Even though this ending is patently false, people loved it and to this day conservative Christians regularly denounce “liberal” scholars who point out this forgery, charing that they are trying to destroy “God’s word.”

The evidence is clear. This ending is not found in our earliest and most reliable Greek copies of Mark.[1] Clement of Alexandria and Origen (early 3rd century) show no knowledge of the existence of these verses; furthermore Eusebius and Jerome attest that the passage was absent from almost all Greek copies of Mark known to them. The language and style of the Greek is clearly not Markan, and it is pretty evident that what the forger did was take sections of the endings of Matthew, Luke, and John (marked respectively in red, blue, and purple above) and simply create a “proper” ending.

Even though this longer ending became the preferred one, there are two other endings, one short and the second an expansion of the longer ending, that also show up in various manuscripts:

[I] But they reported briefly to Peter and those with him all that they had been told. And after these things Jesus himself sent out through them, from east to west, the sacred and imperishable proclamation of eternal salvation.

[II] This age of lawlessness and unbelief is under Satan, who does not allow the truth and power of God to prevail over the unclean things of the spirits [or, does not allow what lies under the unclean spirits to understand the truth and power of God]. Therefore reveal your righteousness now’ – thus they spoke to Christ. And Christ replied to them, ‘The term of years of Satan’s power has been fulfilled, but other terrible things draw near. And for those who have sinned I was handed over to death, that they may return to the truth and sin no more, in order that they may inherit the spiritual and incorruptible glory of righteousness that is in heaven.

I trust that the self-evident spuriousness of these additions is obvious to even the most pious readers. One might in fact hope that Christians who are zealous for the “inspired Word of God” would insist that all three of these bogus endings be recognized for what they are–forgeries.

So that said, what about the original ending of Mark? Its implications are rather astounding for Christian origins. I have dealt with this issue more generally in my post, “What Really Happened on Easter Morning,” that sets the stage for the following implications.

1. Since Mark is our earliest gospel, written according to most scholars around the time of the destruction of Jerusalem by the Romans in 70 CE, or perhaps in the decade before, we have strong textual evidence that the first generation of Jesus followers were perfectly fine with a gospel account that recounted no appearances of Jesus. We have to assume that the author of Mark’s gospel did not consider his account deficient in the least and he was either passing on, or faithfull promoting, what he considered to be the authentic gospel. What most Christians do when they think about Easter is ignore Mark.
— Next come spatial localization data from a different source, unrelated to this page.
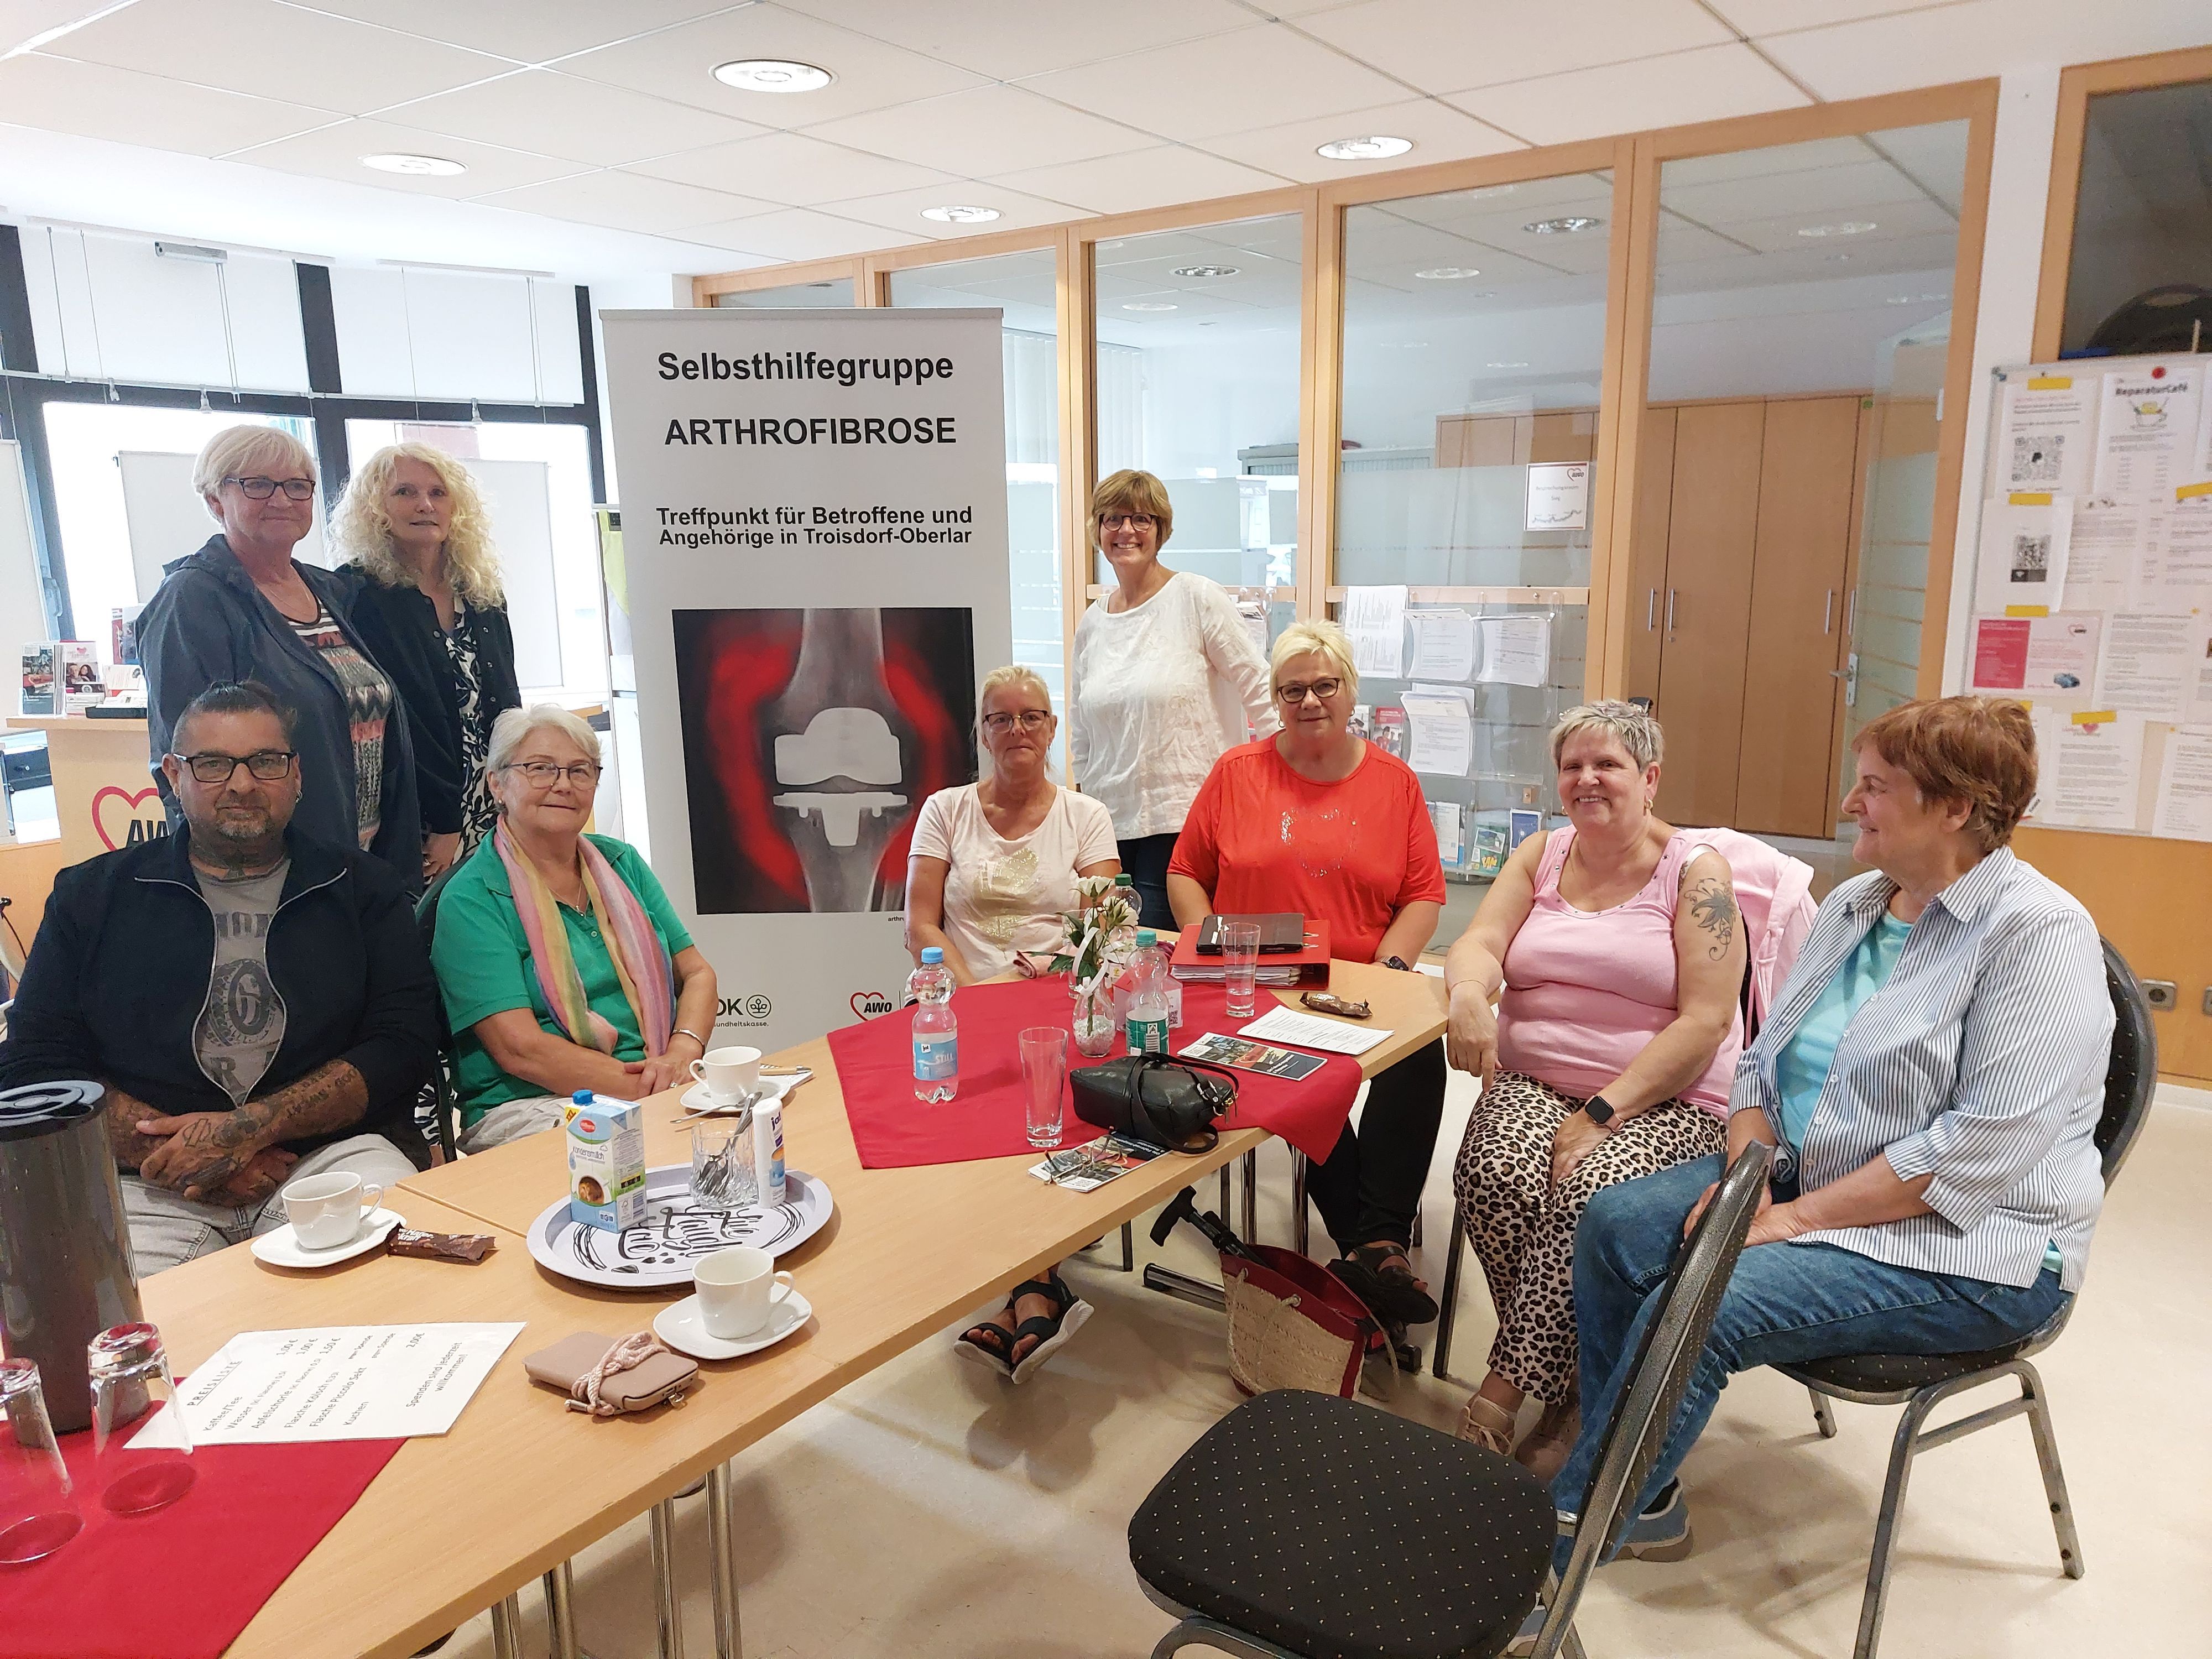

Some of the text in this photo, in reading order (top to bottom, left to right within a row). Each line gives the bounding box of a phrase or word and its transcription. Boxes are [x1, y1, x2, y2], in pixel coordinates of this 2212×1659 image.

[658, 352, 954, 387] Selbsthilfegruppe
[665, 417, 956, 445] ARTHROFIBROSE
[656, 505, 972, 529] Treffpunkt für Betroffene und
[659, 527, 972, 549] Angehörige in Troisdorf-Oberlar
[864, 1002, 893, 1013] AWO
[771, 1112, 781, 1131] ja!
[186, 1361, 240, 1406] PREISLISTE
[225, 1406, 253, 1430] Wasser
[296, 1343, 314, 1355] 1,00
[251, 1390, 293, 1429] Apfelschorle
[319, 1342, 336, 1354] 1,50
[405, 1342, 462, 1407] Spenden sind jederzeit
[434, 1354, 468, 1392] willkommen!
[203, 1396, 243, 1431] Kaffee/Tee
[283, 1404, 311, 1428] Flasche
[305, 1384, 329, 1404] Kölsch
[309, 1404, 336, 1427] Flasche
[330, 1381, 354, 1402] Piccolo
[348, 1367, 367, 1380] Sekt
[342, 1401, 369, 1426] Kuchen
Since Mark knows nothing of any appearances of Jesus as a resuscitated corpse in Jerusalem, walking about, eating, and showing his wounds, as recounted by Matthew, Luke, and John, those stories are simply allowed to “fill in” for his assumed deficiency. In other words, no one allows Mark to have a voice. What he lacks, ironically, serves to marginalize and mute him!
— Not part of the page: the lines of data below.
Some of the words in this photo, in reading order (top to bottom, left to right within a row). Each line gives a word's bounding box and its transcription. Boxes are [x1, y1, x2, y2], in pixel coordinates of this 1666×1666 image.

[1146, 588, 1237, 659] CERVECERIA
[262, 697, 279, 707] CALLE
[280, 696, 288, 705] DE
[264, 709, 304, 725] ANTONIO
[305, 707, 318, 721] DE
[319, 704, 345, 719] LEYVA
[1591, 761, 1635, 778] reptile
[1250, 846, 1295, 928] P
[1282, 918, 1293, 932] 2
2. Alternatively, if we decide to listen to Mark, who is our first gospel witness, what we learn is rather amazing. In Mark, the last night of Jesus’ life, he had told his intimate followers following their meal, “But after I am raised up, I will go before you to Galilee” (Mark 14:28). What Mark believes is that Jesus has been “lifted up” or “raised up” to the right hand of God and that the disciples would “see” him in Galilee. Mark knows of no accounts of people encountering the revived corpse of Jesus, wounds and all, walking around Jerusalem. His tradition is that the disciples experienced their epiphanies of Jesus once they returned to Galilee after the eight day Passover festival and had returned to their fishing in despair. This is precisely what we find in the Gospel of Peter, where Peter says:

Now it was the final day of the Unleavened Bread; and many went out returning to their home since the feast was over. But we twelve disciples of the Lord were weeping and sorrowful; and each one, sorrowful because of what had come to pass, departed to his home. But I, Simon Peter, and my brother Andrew, having taken our nets, went off to the sea. And there was with us Levi of Alphaeus whom the Lord …
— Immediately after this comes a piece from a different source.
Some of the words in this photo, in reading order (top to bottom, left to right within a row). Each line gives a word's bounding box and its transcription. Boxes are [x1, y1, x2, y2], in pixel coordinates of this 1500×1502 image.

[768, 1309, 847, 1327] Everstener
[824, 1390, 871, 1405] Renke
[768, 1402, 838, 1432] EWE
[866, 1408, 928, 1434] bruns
You can read more about this fascinating “lost” Gospel of Peter here, but this ending, where the text happens to break off, is most revealing. What we see here is precisely parallel to Mark. The disciples returned to their homes in Galilee in despair, resuming their occupations, and only then did they experience “sightings” of Jesus. Strangely, this tradition shows up in an appended ending to the gospel of John–chapter 21, where a group of disciples are back to their fishing, and Matthew knows the tradition of a strange encounter on a designated mountain in Galilee, where some of the eleven apostles even doubt what they are seeing (Matthew 28:16-17).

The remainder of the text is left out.